→ **Task details**
This calls for a verbatim copy of all the data, with no images carried over.

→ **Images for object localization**
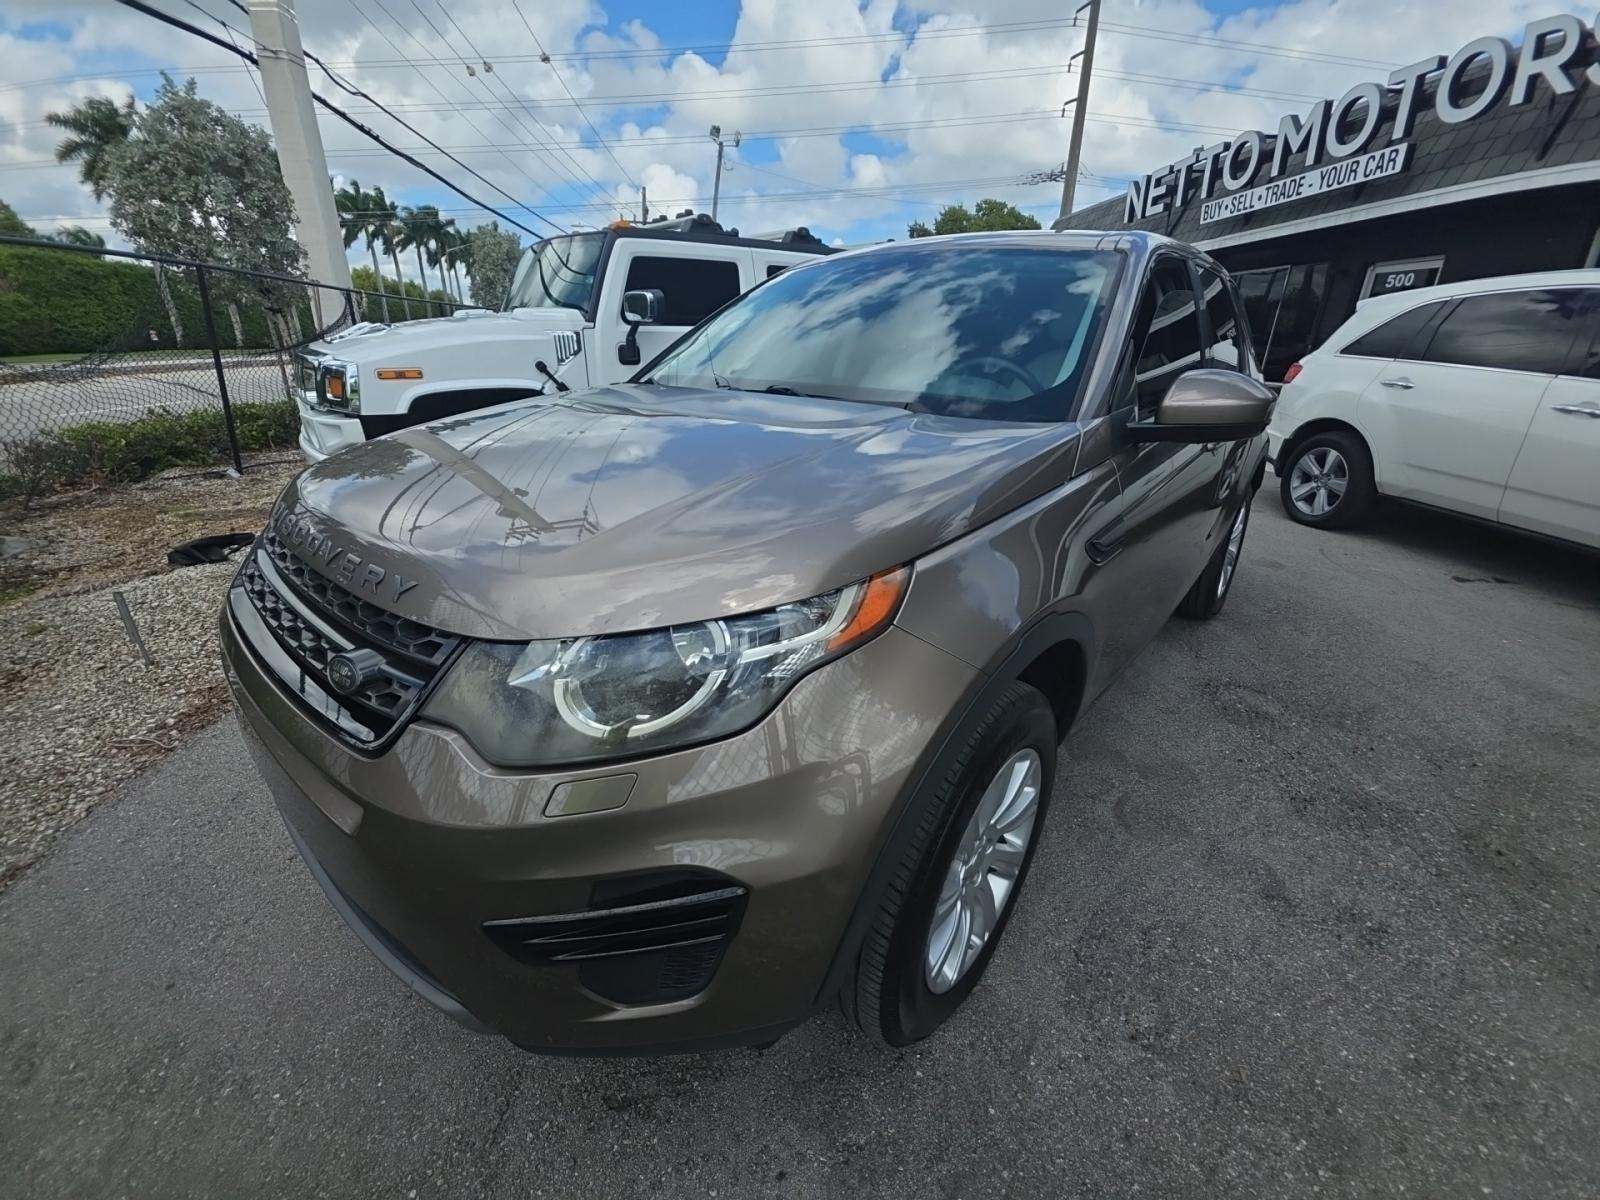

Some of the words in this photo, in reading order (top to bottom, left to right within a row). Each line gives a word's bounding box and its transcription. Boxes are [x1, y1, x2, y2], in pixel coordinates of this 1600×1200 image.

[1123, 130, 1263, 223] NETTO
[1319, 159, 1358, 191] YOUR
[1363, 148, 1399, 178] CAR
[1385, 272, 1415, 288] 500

→ **Response below**
Some of the words in this photo, in reading order (top to bottom, left to right within a row). Each line gives a word's bounding box and its transcription. Boxes are [x1, y1, x2, y2], in pixel coordinates of this 1600×1200 image.

[1123, 130, 1263, 223] NETTO
[1319, 159, 1358, 191] YOUR
[1363, 148, 1399, 178] CAR
[1385, 272, 1415, 288] 500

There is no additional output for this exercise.